The task -> The line that holds "this 1824×1216 image." marks the start. Return it and each following line through the end of the data, unchanged.
┄┄┄┄┄┄┄┄┄┄┄┄┄┄┄┄┄┄┄┄
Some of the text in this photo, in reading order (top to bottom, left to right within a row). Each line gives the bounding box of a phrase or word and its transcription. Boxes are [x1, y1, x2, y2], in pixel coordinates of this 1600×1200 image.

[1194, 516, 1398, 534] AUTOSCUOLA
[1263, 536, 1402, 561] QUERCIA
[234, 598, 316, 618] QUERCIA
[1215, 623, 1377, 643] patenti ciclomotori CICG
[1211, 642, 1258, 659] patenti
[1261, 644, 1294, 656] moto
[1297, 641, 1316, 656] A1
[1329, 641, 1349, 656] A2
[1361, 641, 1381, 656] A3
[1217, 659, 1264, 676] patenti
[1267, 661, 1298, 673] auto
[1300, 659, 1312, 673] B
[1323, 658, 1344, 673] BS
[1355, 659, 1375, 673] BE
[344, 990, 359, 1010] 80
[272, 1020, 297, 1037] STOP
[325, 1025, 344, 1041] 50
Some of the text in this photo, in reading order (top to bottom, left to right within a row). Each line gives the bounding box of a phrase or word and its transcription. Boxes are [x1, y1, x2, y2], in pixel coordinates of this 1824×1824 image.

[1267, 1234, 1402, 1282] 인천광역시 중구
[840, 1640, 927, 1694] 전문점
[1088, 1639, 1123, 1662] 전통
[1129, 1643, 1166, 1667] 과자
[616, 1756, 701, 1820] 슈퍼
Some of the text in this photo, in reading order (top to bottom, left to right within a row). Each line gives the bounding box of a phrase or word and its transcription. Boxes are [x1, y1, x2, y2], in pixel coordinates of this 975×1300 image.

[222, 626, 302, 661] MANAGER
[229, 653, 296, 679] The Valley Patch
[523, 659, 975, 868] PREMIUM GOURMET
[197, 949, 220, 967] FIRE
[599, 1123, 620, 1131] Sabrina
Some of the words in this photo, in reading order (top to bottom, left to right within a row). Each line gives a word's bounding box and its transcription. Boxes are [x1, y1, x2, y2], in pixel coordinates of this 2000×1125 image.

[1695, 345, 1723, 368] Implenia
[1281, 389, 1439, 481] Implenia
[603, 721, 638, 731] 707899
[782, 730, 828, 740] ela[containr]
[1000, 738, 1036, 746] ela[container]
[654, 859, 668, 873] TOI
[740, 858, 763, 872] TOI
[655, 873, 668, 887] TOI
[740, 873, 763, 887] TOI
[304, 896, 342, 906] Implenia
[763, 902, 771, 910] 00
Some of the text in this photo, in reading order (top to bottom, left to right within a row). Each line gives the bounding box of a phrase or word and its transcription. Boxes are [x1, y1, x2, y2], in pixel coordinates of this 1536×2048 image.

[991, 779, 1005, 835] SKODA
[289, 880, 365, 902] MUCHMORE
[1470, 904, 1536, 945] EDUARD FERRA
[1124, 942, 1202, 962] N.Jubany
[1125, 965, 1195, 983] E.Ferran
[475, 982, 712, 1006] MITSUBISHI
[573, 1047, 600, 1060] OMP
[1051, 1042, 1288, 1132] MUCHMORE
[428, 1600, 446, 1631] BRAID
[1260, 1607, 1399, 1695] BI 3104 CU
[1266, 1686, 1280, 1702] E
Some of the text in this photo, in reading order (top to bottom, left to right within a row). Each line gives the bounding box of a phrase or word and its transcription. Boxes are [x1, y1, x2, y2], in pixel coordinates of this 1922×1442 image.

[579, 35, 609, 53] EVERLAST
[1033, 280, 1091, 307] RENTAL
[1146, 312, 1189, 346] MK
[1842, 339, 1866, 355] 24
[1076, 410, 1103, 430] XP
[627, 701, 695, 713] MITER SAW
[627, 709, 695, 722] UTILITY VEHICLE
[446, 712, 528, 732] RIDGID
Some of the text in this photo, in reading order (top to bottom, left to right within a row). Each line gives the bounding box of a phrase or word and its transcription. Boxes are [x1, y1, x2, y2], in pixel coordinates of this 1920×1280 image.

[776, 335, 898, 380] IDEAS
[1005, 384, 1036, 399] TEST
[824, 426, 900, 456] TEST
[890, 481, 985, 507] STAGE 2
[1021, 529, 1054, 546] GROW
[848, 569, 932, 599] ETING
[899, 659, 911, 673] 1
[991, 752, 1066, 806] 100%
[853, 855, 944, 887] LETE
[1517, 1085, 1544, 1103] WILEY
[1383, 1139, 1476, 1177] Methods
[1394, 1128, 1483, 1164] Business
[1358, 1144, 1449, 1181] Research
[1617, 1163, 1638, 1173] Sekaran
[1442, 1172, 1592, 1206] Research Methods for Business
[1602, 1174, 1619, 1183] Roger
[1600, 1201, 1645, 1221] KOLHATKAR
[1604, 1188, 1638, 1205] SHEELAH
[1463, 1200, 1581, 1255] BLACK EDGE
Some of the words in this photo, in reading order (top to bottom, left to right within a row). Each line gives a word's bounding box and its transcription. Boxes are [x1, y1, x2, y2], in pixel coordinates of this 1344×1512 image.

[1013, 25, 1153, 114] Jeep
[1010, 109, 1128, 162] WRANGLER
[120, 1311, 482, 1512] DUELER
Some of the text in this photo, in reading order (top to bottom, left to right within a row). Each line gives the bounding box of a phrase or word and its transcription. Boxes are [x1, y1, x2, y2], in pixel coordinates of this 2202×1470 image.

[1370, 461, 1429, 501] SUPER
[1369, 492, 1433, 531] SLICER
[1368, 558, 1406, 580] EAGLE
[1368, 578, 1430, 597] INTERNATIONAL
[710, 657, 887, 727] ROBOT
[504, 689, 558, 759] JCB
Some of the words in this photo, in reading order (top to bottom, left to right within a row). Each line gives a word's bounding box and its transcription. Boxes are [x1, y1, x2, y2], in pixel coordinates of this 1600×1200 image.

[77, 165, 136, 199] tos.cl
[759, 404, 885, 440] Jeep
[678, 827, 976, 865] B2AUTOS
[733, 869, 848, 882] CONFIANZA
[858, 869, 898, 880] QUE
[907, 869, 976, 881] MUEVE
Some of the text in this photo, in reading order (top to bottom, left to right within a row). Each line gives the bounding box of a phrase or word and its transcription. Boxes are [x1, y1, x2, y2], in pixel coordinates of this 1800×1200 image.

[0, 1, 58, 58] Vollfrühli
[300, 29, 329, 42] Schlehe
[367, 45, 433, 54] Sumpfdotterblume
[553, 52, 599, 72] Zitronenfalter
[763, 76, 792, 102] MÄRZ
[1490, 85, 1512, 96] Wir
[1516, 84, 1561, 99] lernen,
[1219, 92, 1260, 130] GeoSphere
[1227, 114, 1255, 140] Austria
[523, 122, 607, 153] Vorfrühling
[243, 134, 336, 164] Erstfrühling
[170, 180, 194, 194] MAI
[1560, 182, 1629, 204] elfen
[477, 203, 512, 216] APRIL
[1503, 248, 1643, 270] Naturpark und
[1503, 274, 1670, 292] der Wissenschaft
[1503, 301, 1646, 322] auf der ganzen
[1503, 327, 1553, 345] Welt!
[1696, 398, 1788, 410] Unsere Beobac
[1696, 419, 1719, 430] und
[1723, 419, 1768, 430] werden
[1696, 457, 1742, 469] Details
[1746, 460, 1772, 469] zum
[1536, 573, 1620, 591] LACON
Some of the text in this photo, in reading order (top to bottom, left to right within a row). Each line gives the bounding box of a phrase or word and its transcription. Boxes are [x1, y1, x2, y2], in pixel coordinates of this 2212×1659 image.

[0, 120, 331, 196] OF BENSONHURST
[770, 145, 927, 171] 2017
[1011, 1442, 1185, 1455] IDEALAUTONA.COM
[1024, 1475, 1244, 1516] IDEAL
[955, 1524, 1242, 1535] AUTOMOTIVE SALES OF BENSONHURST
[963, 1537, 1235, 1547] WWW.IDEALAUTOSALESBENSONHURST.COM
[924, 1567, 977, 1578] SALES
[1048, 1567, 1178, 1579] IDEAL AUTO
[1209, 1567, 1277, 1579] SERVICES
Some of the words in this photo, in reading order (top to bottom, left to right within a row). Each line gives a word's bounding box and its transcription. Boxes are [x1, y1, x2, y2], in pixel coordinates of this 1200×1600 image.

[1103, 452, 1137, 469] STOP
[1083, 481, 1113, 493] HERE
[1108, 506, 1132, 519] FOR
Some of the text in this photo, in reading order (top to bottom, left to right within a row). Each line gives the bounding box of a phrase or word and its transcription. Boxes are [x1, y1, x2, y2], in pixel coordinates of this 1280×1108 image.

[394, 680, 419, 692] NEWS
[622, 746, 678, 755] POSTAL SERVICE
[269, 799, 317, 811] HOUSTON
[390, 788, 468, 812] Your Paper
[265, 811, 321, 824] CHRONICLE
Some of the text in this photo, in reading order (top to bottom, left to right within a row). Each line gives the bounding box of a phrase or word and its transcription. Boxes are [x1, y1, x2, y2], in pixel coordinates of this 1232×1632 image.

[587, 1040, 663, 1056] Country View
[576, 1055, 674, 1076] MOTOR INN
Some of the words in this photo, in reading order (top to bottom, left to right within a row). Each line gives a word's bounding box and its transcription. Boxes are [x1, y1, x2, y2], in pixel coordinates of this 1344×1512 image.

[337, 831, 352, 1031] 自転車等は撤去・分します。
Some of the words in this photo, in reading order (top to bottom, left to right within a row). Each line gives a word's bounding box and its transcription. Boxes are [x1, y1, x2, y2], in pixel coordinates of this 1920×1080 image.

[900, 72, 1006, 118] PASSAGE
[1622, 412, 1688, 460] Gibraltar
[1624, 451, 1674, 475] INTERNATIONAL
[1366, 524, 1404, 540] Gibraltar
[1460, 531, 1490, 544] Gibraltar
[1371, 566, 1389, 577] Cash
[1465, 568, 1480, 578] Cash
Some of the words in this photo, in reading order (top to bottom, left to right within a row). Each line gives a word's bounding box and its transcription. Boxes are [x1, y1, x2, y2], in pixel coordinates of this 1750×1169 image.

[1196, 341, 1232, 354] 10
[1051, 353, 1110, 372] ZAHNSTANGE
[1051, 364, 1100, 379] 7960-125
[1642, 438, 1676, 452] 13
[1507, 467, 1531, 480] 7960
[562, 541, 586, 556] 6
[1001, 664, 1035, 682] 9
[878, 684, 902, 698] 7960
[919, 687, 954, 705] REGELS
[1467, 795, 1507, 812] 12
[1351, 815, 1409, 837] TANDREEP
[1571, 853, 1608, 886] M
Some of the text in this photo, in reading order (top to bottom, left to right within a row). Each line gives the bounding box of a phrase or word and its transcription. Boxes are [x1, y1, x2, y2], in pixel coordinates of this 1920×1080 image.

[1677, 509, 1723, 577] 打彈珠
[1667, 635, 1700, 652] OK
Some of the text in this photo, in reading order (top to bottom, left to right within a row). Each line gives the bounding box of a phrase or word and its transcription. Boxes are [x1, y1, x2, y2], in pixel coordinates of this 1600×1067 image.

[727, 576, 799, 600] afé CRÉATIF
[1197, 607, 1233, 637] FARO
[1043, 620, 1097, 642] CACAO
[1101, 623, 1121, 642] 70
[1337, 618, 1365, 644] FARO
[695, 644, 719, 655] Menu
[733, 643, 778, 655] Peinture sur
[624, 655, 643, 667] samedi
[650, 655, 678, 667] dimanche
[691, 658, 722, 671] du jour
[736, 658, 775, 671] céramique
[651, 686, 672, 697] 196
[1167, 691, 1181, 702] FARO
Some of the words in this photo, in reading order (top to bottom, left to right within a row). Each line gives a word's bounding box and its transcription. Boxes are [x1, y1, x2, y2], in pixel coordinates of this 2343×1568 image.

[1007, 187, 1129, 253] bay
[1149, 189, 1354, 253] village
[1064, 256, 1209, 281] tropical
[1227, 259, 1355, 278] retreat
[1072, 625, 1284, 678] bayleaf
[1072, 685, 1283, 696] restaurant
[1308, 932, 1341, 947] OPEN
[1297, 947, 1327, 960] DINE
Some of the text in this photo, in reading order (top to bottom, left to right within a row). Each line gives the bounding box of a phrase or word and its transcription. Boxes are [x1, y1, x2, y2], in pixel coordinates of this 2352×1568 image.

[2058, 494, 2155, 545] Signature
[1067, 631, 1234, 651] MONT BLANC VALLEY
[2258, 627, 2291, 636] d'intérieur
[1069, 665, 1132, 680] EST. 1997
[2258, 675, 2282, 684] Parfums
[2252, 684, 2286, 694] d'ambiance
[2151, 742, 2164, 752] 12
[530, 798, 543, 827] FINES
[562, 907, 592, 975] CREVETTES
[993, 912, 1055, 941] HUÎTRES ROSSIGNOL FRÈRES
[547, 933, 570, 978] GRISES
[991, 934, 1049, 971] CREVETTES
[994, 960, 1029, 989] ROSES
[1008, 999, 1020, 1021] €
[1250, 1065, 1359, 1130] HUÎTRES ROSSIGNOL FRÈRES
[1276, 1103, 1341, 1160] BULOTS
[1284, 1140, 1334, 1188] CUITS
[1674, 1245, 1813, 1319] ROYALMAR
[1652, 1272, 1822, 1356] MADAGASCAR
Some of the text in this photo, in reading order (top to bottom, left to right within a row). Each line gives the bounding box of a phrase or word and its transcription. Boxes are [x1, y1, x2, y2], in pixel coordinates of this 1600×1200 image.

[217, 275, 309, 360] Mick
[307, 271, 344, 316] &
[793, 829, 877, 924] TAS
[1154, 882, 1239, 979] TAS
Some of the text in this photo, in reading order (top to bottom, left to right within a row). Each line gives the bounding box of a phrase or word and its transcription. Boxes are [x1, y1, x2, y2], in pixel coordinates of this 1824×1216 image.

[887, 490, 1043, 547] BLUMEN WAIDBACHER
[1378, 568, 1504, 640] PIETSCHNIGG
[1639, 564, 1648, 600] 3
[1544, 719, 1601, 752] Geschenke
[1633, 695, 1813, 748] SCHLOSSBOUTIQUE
┄┄┄┄┄┄┄┄┄┄┄┄┄┄┄┄┄┄┄┄
Response to this task ->
Some of the text in this photo, in reading order (top to bottom, left to right within a row). Each line gives the bounding box of a phrase or word and its transcription. Boxes are [x1, y1, x2, y2], in pixel coordinates of this 1824×1216 image.

[887, 490, 1043, 547] BLUMEN WAIDBACHER
[1378, 568, 1504, 640] PIETSCHNIGG
[1639, 564, 1648, 600] 3
[1544, 719, 1601, 752] Geschenke
[1633, 695, 1813, 748] SCHLOSSBOUTIQUE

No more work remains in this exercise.